Below is a listing; repeat exactly the lines from the one containing "this 1280×1707 image." to the one containing "Some of the words", both included.
(EXTRACTED DATA)
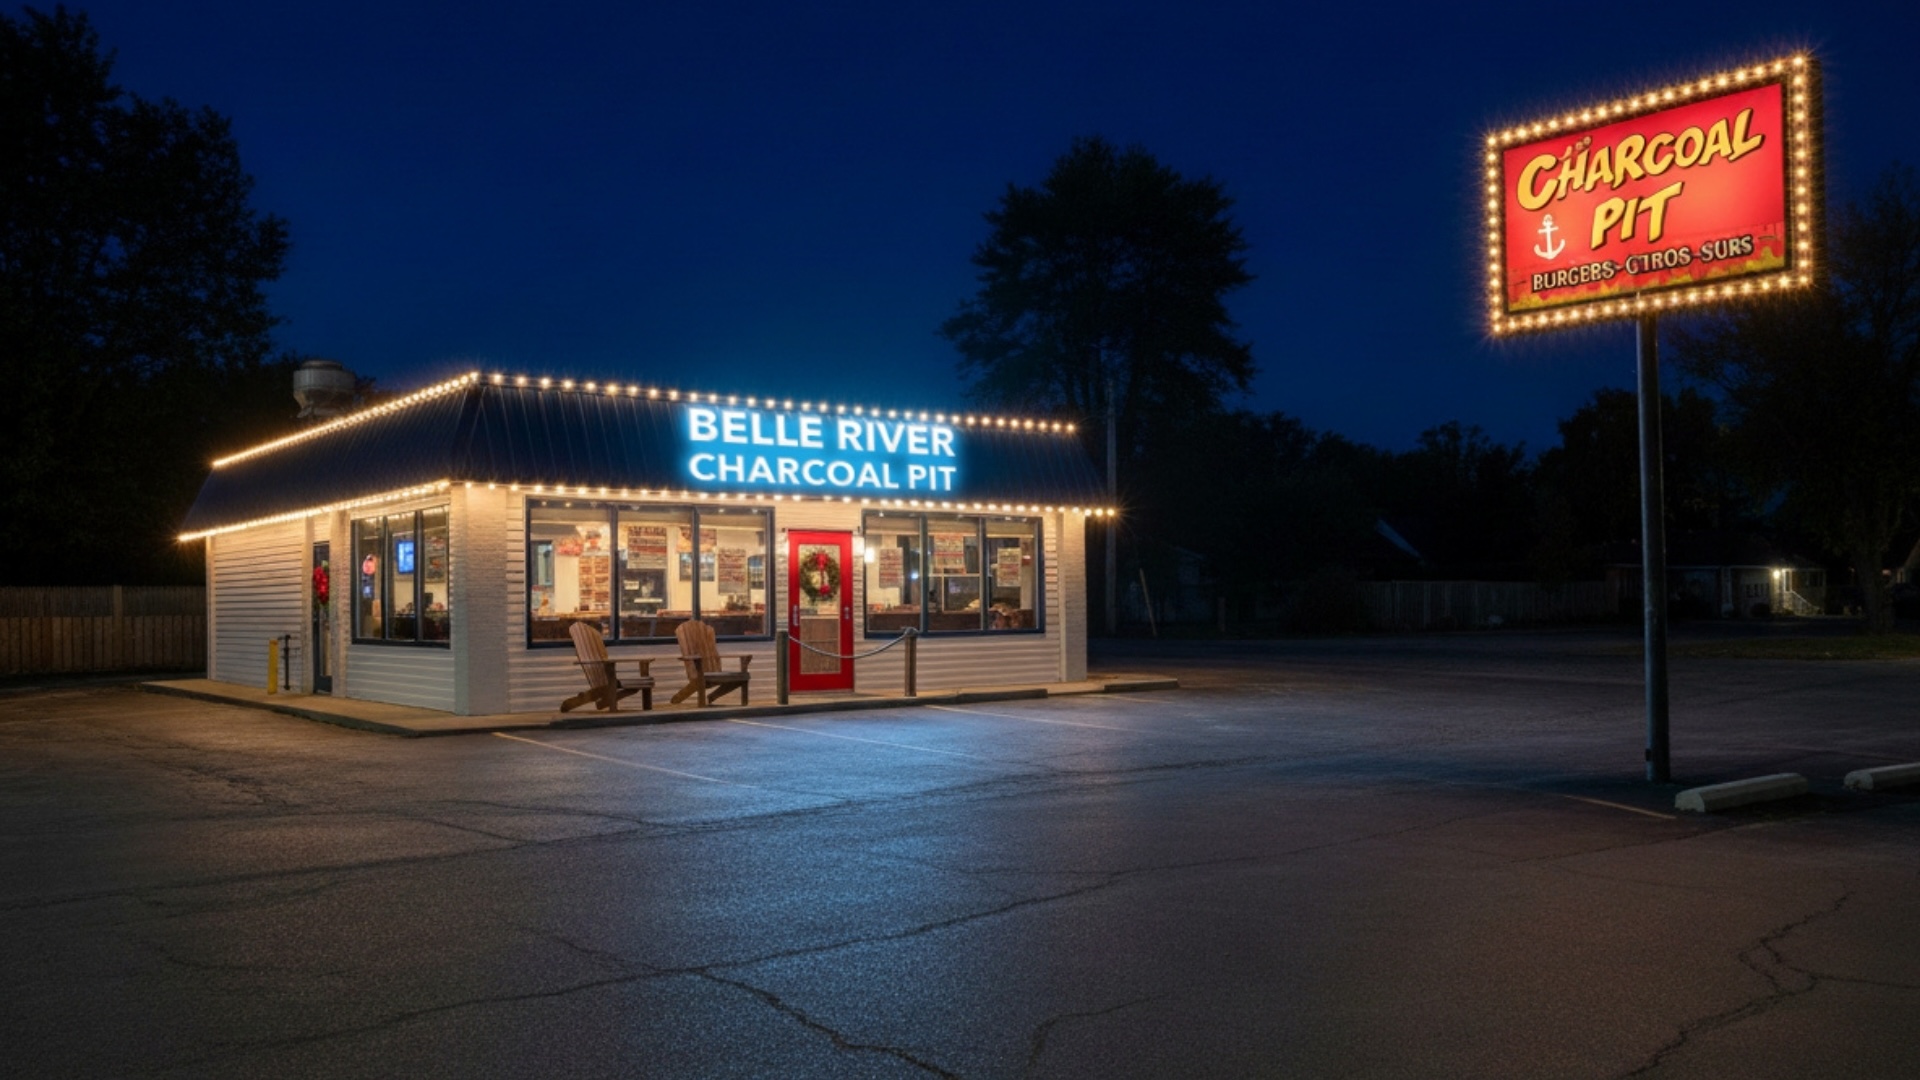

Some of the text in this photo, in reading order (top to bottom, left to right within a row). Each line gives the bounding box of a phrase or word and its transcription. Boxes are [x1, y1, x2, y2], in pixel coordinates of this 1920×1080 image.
(End EXTRACTED DATA)
(EXTRACTED DATA)
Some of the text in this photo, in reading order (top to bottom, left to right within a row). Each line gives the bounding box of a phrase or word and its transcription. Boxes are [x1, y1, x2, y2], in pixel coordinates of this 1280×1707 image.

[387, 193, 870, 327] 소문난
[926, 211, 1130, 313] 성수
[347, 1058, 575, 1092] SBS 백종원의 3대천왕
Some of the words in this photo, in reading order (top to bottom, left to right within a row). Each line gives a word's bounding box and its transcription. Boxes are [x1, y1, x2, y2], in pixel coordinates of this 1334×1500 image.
(End EXTRACTED DATA)
EXPECTED OUTPUT ::
Some of the text in this photo, in reading order (top to bottom, left to right within a row). Each line gives the bounding box of a phrase or word and its transcription. Boxes are [x1, y1, x2, y2], in pixel coordinates of this 1280×1707 image.

[387, 193, 870, 327] 소문난
[926, 211, 1130, 313] 성수
[347, 1058, 575, 1092] SBS 백종원의 3대천왕
Some of the words in this photo, in reading order (top to bottom, left to right within a row). Each line gives a word's bounding box and its transcription. Boxes are [x1, y1, x2, y2], in pixel coordinates of this 1334×1500 image.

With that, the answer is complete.